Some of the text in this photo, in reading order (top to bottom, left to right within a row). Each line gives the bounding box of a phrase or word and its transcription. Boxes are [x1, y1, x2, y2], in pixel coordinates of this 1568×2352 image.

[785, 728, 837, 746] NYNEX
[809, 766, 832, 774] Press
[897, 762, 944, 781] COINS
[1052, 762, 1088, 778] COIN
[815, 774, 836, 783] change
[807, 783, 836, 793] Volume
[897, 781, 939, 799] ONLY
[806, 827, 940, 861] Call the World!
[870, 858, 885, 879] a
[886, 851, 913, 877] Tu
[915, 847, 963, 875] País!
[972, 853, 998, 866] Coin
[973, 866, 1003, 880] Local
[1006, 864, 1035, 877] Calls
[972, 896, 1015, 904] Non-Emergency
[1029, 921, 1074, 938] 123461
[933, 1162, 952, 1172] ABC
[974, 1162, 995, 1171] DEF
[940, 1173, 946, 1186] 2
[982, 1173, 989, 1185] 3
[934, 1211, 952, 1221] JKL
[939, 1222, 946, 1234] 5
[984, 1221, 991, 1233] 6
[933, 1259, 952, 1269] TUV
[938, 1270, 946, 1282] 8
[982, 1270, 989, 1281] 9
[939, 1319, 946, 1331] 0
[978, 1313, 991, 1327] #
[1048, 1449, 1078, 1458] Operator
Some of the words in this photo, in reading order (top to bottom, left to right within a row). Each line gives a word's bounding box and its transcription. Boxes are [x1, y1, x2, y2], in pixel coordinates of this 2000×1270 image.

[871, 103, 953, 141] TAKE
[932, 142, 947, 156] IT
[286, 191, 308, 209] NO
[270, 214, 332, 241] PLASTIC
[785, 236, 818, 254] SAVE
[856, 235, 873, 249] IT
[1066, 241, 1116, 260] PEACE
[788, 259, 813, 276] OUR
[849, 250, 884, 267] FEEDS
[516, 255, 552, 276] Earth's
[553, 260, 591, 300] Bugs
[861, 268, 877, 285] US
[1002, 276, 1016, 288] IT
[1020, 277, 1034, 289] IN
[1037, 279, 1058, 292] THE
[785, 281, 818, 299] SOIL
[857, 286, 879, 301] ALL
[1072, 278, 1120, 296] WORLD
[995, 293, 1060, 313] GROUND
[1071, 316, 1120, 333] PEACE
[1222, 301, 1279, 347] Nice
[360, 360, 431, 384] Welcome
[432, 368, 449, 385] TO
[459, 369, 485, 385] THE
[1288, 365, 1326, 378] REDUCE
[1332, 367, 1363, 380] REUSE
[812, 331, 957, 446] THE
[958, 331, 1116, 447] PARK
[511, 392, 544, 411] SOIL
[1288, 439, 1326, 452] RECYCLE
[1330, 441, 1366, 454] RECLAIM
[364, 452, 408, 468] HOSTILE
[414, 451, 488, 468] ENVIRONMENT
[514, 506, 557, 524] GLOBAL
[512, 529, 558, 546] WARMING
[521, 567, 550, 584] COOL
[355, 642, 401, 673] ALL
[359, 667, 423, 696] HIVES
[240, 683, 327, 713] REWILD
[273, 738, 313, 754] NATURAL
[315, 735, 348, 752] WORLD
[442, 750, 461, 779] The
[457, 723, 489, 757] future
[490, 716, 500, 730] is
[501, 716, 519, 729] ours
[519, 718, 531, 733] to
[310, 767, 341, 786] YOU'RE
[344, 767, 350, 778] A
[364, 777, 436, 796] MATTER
____________________
▶ PROMPT: Give back every line of the material, exactly as written.

▶ ANSWER TO THE EXERCISE:
Some of the text in this photo, in reading order (top to bottom, left to right within a row). Each line gives the bounding box of a phrase or word and its transcription. Boxes are [x1, y1, x2, y2], in pixel coordinates of this 1568×2352 image.

[785, 728, 837, 746] NYNEX
[809, 766, 832, 774] Press
[897, 762, 944, 781] COINS
[1052, 762, 1088, 778] COIN
[815, 774, 836, 783] change
[807, 783, 836, 793] Volume
[897, 781, 939, 799] ONLY
[806, 827, 940, 861] Call the World!
[870, 858, 885, 879] a
[886, 851, 913, 877] Tu
[915, 847, 963, 875] País!
[972, 853, 998, 866] Coin
[973, 866, 1003, 880] Local
[1006, 864, 1035, 877] Calls
[972, 896, 1015, 904] Non-Emergency
[1029, 921, 1074, 938] 123461
[933, 1162, 952, 1172] ABC
[974, 1162, 995, 1171] DEF
[940, 1173, 946, 1186] 2
[982, 1173, 989, 1185] 3
[934, 1211, 952, 1221] JKL
[939, 1222, 946, 1234] 5
[984, 1221, 991, 1233] 6
[933, 1259, 952, 1269] TUV
[938, 1270, 946, 1282] 8
[982, 1270, 989, 1281] 9
[939, 1319, 946, 1331] 0
[978, 1313, 991, 1327] #
[1048, 1449, 1078, 1458] Operator
Some of the words in this photo, in reading order (top to bottom, left to right within a row). Each line gives a word's bounding box and its transcription. Boxes are [x1, y1, x2, y2], in pixel coordinates of this 2000×1270 image.

[871, 103, 953, 141] TAKE
[932, 142, 947, 156] IT
[286, 191, 308, 209] NO
[270, 214, 332, 241] PLASTIC
[785, 236, 818, 254] SAVE
[856, 235, 873, 249] IT
[1066, 241, 1116, 260] PEACE
[788, 259, 813, 276] OUR
[849, 250, 884, 267] FEEDS
[516, 255, 552, 276] Earth's
[553, 260, 591, 300] Bugs
[861, 268, 877, 285] US
[1002, 276, 1016, 288] IT
[1020, 277, 1034, 289] IN
[1037, 279, 1058, 292] THE
[785, 281, 818, 299] SOIL
[857, 286, 879, 301] ALL
[1072, 278, 1120, 296] WORLD
[995, 293, 1060, 313] GROUND
[1071, 316, 1120, 333] PEACE
[1222, 301, 1279, 347] Nice
[360, 360, 431, 384] Welcome
[432, 368, 449, 385] TO
[459, 369, 485, 385] THE
[1288, 365, 1326, 378] REDUCE
[1332, 367, 1363, 380] REUSE
[812, 331, 957, 446] THE
[958, 331, 1116, 447] PARK
[511, 392, 544, 411] SOIL
[1288, 439, 1326, 452] RECYCLE
[1330, 441, 1366, 454] RECLAIM
[364, 452, 408, 468] HOSTILE
[414, 451, 488, 468] ENVIRONMENT
[514, 506, 557, 524] GLOBAL
[512, 529, 558, 546] WARMING
[521, 567, 550, 584] COOL
[355, 642, 401, 673] ALL
[359, 667, 423, 696] HIVES
[240, 683, 327, 713] REWILD
[273, 738, 313, 754] NATURAL
[315, 735, 348, 752] WORLD
[442, 750, 461, 779] The
[457, 723, 489, 757] future
[490, 716, 500, 730] is
[501, 716, 519, 729] ours
[519, 718, 531, 733] to
[310, 767, 341, 786] YOU'RE
[344, 767, 350, 778] A
[364, 777, 436, 796] MATTER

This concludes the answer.